Leitsatz
Die Parteien stritten um die Abänderung eines anlässlich der Ehescheidung geschlossenen Vergleichs über die Zahlung von nachehelichem Unterhalt. Ihre Ehe war durch Urteil vom 11.3.1994 geschieden worden. Der Ehemann hatte sich verpflichtet, an die Ehefrau als Aufstockungsunterhalt monatlich 1.300,00 DM befristet bis Ende 2004 zu zahlen. Bis dahin sollte der Unterhaltsanspruch unabänderbar sein. Danach sollte im Abänderungsfall keine Bindung an die Grundlagen des Vergleichs bestehen.
Der Ehemann leistete bis Ende 2004 entsprechend dem Vergleich Zahlungen. Seit 1.1.2005 betrieb die Ehefrau die Zwangsvollstreckung gegen ihn.
Der Ehemann war seit 1994 wieder verheiratet. Aus dieser Ehe waren zwei zum Zeitpunkt des Verfahrens 6 und 11 Jahre alte Kinder hervorgegangen.
Die Ehefrau war gelernte Verkäuferin. In diesem Beruf war sie bis zur Insolvenz ihres Arbeitgebers Mitte 2006 über einen Zeitraum von 19 Jahren hinweg vollschichtig beschäftigt. Ab 1.7.2006 bezog sie vorübergehend Arbeitslosengeld. Seit August/September 2007 stand sie wieder in einem Beschäftigungsverhältnis, wobei der Vertrag einen Einsatz bis höchstens 100 Stunden monatlich vorsah und bis Ende 2008 befristet war.
Mit seiner Klage hat der Kläger für die Zeit ab 1.1.2005 geltend gemacht, der titulierte Unterhaltsanspruch sei - auch wenn sich dies auch nicht klar aus dem Wortlaut ergebe - für die Dauer von 10 Jahren zeitlich befristet. Seine geschiedene Frau habe durch die Ehe in ihrer beruflichen Entwicklung keinerlei Nachteile erlitten. Sie sei durchweg beschäftigt gewesen und arbeite nach wie vor als gelernte Einzelhandelskauffrau. Ohne die Ehe hätte sie keine andere berufliche Laufbahn eingeschlagen und auch höheres Einkommen nicht erzielt.

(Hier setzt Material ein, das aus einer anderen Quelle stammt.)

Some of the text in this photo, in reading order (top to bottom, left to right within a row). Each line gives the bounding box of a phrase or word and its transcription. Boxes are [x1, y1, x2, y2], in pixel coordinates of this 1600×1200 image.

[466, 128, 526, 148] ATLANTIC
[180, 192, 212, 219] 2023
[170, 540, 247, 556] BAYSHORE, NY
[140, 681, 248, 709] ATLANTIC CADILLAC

Die Beklagte erhob erstinstanzlich Widerklage, mit der sie von dem Kläger Auskunft über seine Einkünfte und eine entsprechende Abänderung des Vergleichs zu ihren Gunsten verlangte.

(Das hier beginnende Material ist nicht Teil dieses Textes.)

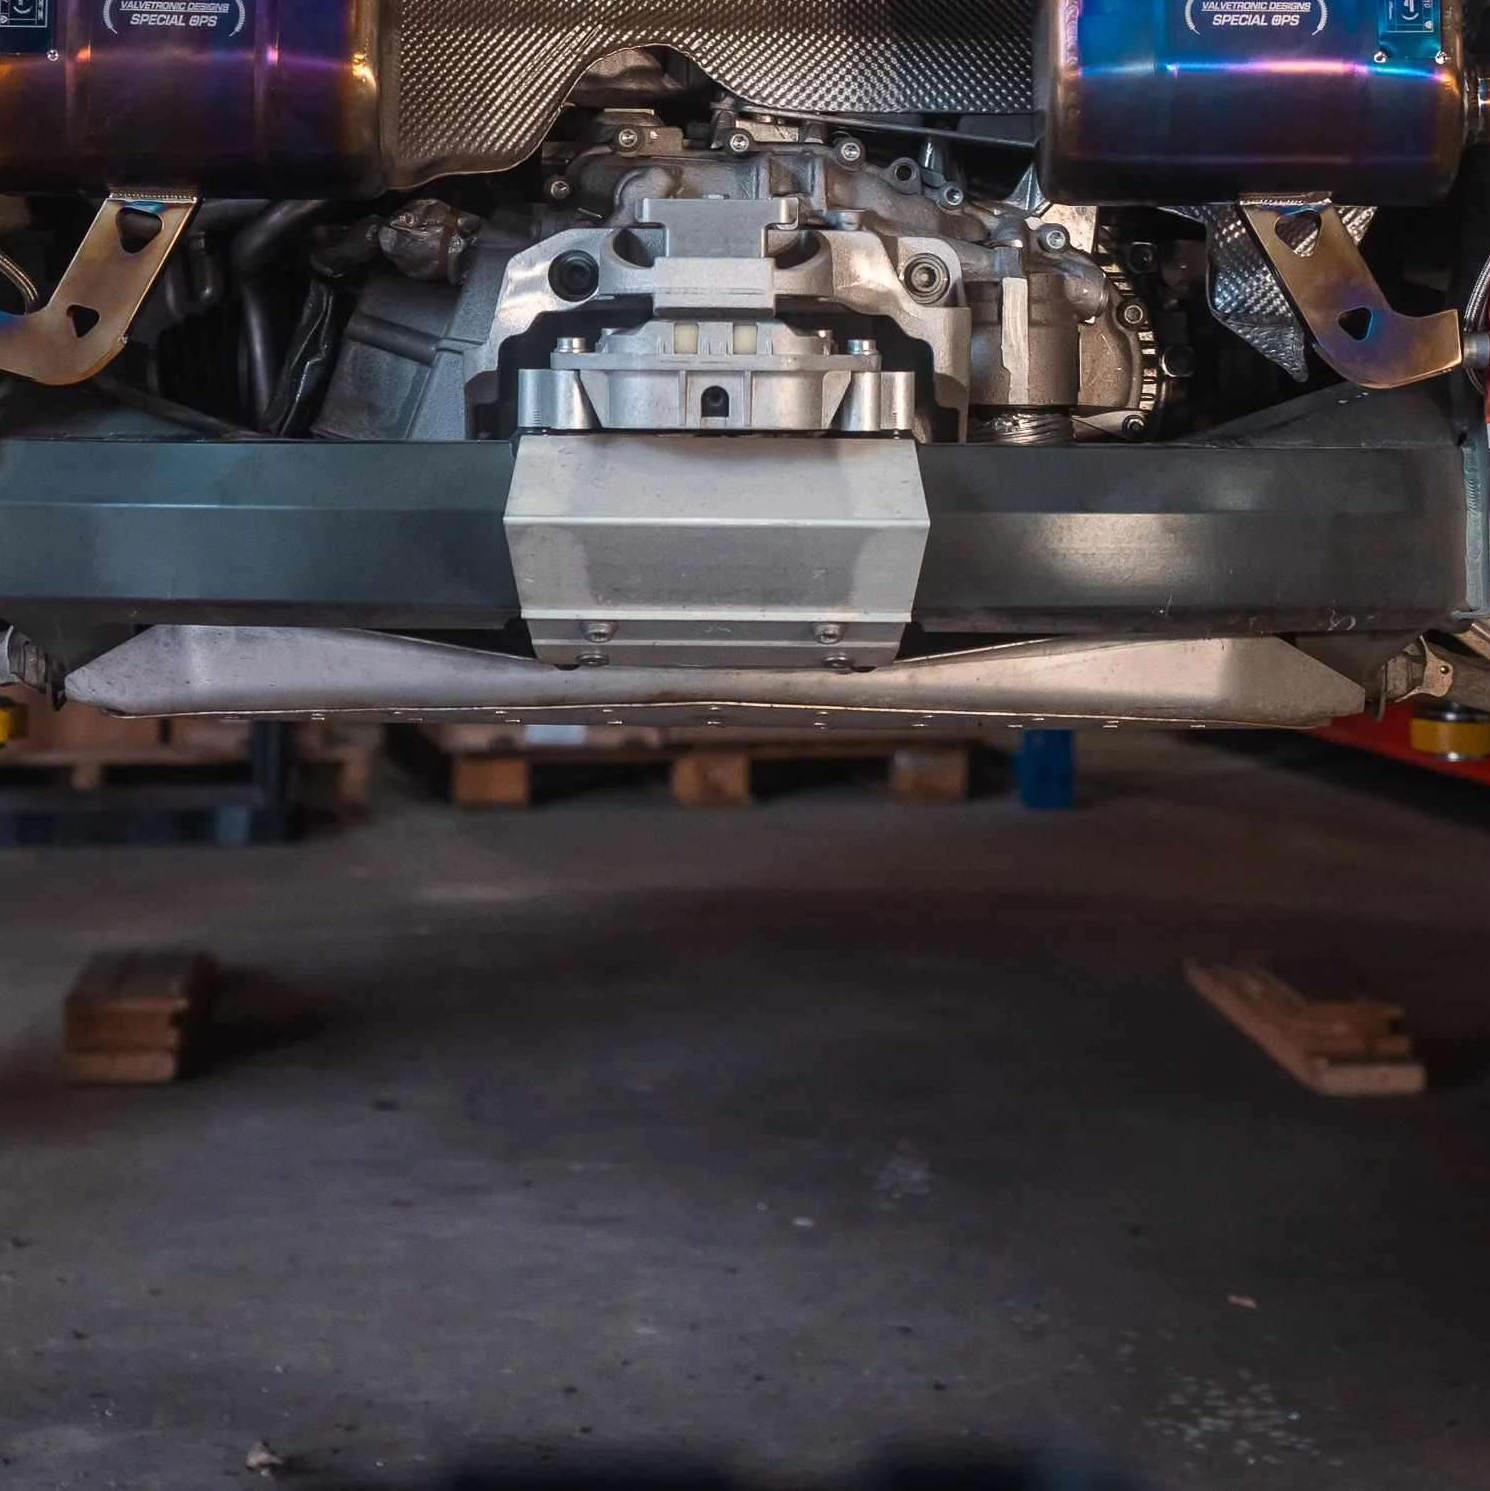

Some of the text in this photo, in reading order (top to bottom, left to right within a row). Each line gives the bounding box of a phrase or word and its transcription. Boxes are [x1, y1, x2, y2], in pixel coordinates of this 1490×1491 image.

Das erstinstanzliche Gericht hat sowohl Klage als auch Widerklage abgewiesen.
Hiergegen legte der Kläger Berufung ein, die zu einem Teilerfolg führte.
Sachverhalt
Siehe Kurzzusammenfassung
Entscheidung
Eine Reduzierung des Unterhaltsanspruchs der Beklagten kam nach Auffassung des OLG nicht in Betracht. Allerdings sei unter Berücksichtigung sämtlicher Umstände der Anspruch auf Aufstockungsunterhalt nach § 1573 Abs. 5 BGB a.F. bzw. (für die Zeit ab 1.1.2008) nach § 1578b Abs. 2 BGB bis zum 1.1.2011 zu begrenzen.
Die Voraussetzungen für einen Unterhaltsanspruch der Beklagten wegen Krankheit gemäß § 1572 BGB hielt das OLG für nicht erfüllt. Insoweit fehle ersichtlich ein naher zeitlicher Zusammenhang zwischen der Scheidung und der behaupteten krankheitsbedingten Erwerbsunfähigkeit.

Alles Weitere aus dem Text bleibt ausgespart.